One of the main findings of this report is that more effective public policies can be designed if we pay attention to the way in which people make decisions. People turn immediately to the information of the environment or information previously acquired; the way in which we act often depends on how the people that surround us think and act.

Studying how to influence people’s decisions is not new, what’s new is to investigate how we can use these concepts to design development policies.

The World Development Report 2015 is based on three principles:

  1. ** Automatic Thinking.** A great portion of our thoughts are automatic and are based on what comes to mind without effort. We use mental shortcuts most of the time.
  2. ** Social Thinking.** Human beings are deeply social. We like to cooperate, provided others also do their part.
  3. ** Thinking Based on Mental Models.** The way in which people interpret is influenced by mental models extracted from the society to which they belong and their shared stories.

Policies to overcome poverty are created assuming people act based on reasoned decisions, i.e., thinking carefullyA black and white drawing of a man making a buying decision at the cashier counter about their options before choosing. Policies under this assumption subsidize and promote activities they consider valuable and impose fines on those they seek to discourage.
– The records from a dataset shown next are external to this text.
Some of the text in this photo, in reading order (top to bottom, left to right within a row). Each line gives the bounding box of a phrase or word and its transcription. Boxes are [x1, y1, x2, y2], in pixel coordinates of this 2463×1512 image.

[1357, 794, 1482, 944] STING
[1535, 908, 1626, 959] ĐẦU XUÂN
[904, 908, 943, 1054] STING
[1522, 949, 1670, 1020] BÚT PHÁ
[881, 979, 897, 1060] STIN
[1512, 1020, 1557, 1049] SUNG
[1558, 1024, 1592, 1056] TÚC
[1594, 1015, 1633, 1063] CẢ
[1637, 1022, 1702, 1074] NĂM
However, in the last decades many researches investigate and question the process people follow when taking a decision or making a choice. These studies, which formerly were almost exclusive for publicists and marketing experts, have begun to influence the public and development policy fields.

These discoveries will influence the creation of policies against poverty in the region if we have a better understanding on how people act and think, thus modifying them and making them more efficient.

Those in poverty are constantly thinking on what will they eat that they, how can they help a sick family member or how much they have to walk to get water. In this world of concerns, it if not much the time spent on being productive. Looking for a job or collecting money for a certain objective is much harder in this context.

Good Examples

A water emergency in Bogotá as a result of the collapse of a tunnel shows how people’s decision-making power and its impact can improve their life quality.

The first thing the local government did was to alert the people of the coming crisis, encouraging the savings and good use of water. However, the effect was opposite, causing the increase of consumption and hoarding. After recognizing the problem, the government modified the communication strategy. The mayor appeared on television taking a shower with his wife and explaining why the faucet had to be closed when soaping themselves.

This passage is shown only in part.